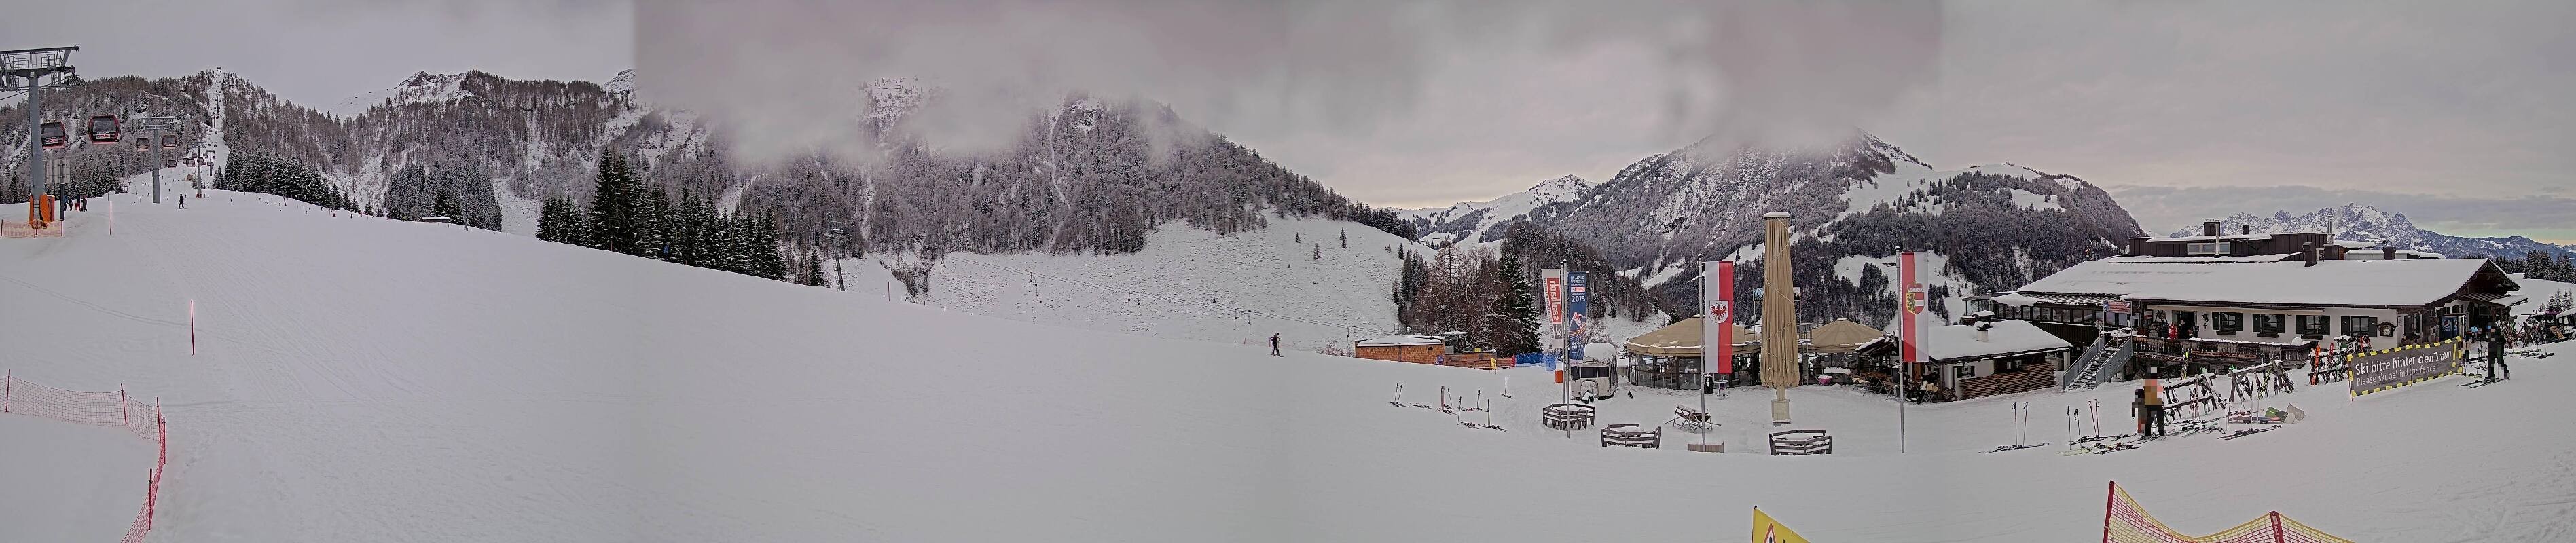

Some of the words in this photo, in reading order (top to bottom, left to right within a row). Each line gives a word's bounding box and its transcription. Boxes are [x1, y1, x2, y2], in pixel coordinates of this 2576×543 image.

[2355, 362, 2368, 375] Ski
[2371, 360, 2391, 373] bitte
[2393, 356, 2416, 369] hinter
[2418, 353, 2434, 364] den
[2356, 376, 2377, 386] Please
[2378, 373, 2387, 382] ski
[2388, 368, 2408, 379] behind
[2419, 365, 2436, 373] fence
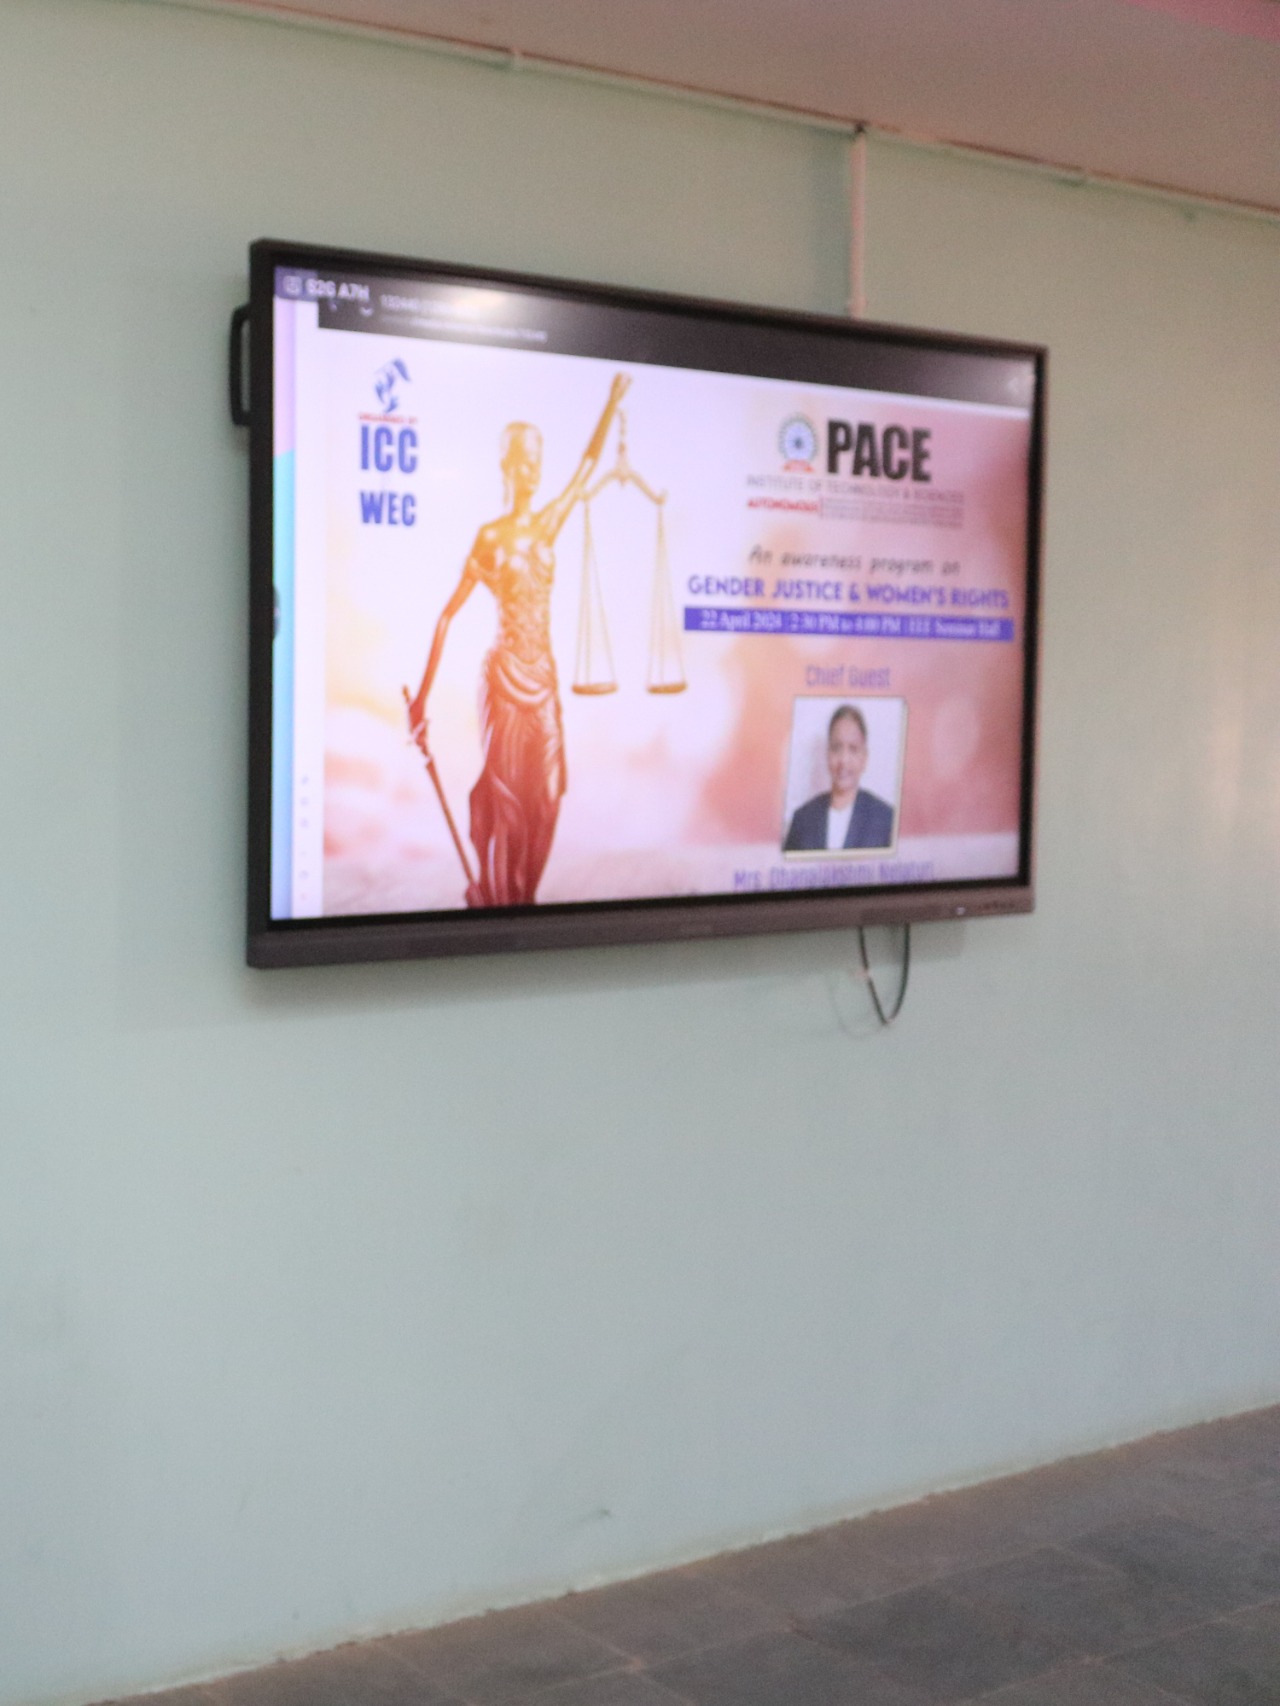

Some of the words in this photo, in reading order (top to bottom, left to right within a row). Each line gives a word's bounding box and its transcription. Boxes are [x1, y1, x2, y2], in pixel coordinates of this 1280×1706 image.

[360, 425, 418, 474] ICC
[827, 420, 932, 482] PACE
[360, 490, 416, 527] WEC
[748, 544, 773, 565] An
[781, 550, 863, 570] awareness
[869, 555, 934, 577] program
[940, 559, 961, 576] on
[688, 574, 765, 598] GENDER
[771, 578, 842, 602] JUSTICE
[848, 582, 860, 602] &
[865, 583, 946, 607] WOMEN'S
[951, 587, 1009, 610] RIGHTS
[700, 609, 718, 630] 22
[720, 610, 752, 632] April
[753, 610, 783, 631] 2024
[818, 612, 840, 633] PM
[806, 663, 844, 687] Chief
[848, 666, 891, 688] Guest

▸ Task goal: When you reproduce the entries above, keep every word exactly and leave out each picture.

▸ Output of the task:
Some of the words in this photo, in reading order (top to bottom, left to right within a row). Each line gives a word's bounding box and its transcription. Boxes are [x1, y1, x2, y2], in pixel coordinates of this 2576×543 image.

[2355, 362, 2368, 375] Ski
[2371, 360, 2391, 373] bitte
[2393, 356, 2416, 369] hinter
[2418, 353, 2434, 364] den
[2356, 376, 2377, 386] Please
[2378, 373, 2387, 382] ski
[2388, 368, 2408, 379] behind
[2419, 365, 2436, 373] fence

Some of the words in this photo, in reading order (top to bottom, left to right within a row). Each line gives a word's bounding box and its transcription. Boxes are [x1, y1, x2, y2], in pixel coordinates of this 1280×1706 image.

[360, 425, 418, 474] ICC
[827, 420, 932, 482] PACE
[360, 490, 416, 527] WEC
[748, 544, 773, 565] An
[781, 550, 863, 570] awareness
[869, 555, 934, 577] program
[940, 559, 961, 576] on
[688, 574, 765, 598] GENDER
[771, 578, 842, 602] JUSTICE
[848, 582, 860, 602] &
[865, 583, 946, 607] WOMEN'S
[951, 587, 1009, 610] RIGHTS
[700, 609, 718, 630] 22
[720, 610, 752, 632] April
[753, 610, 783, 631] 2024
[818, 612, 840, 633] PM
[806, 663, 844, 687] Chief
[848, 666, 891, 688] Guest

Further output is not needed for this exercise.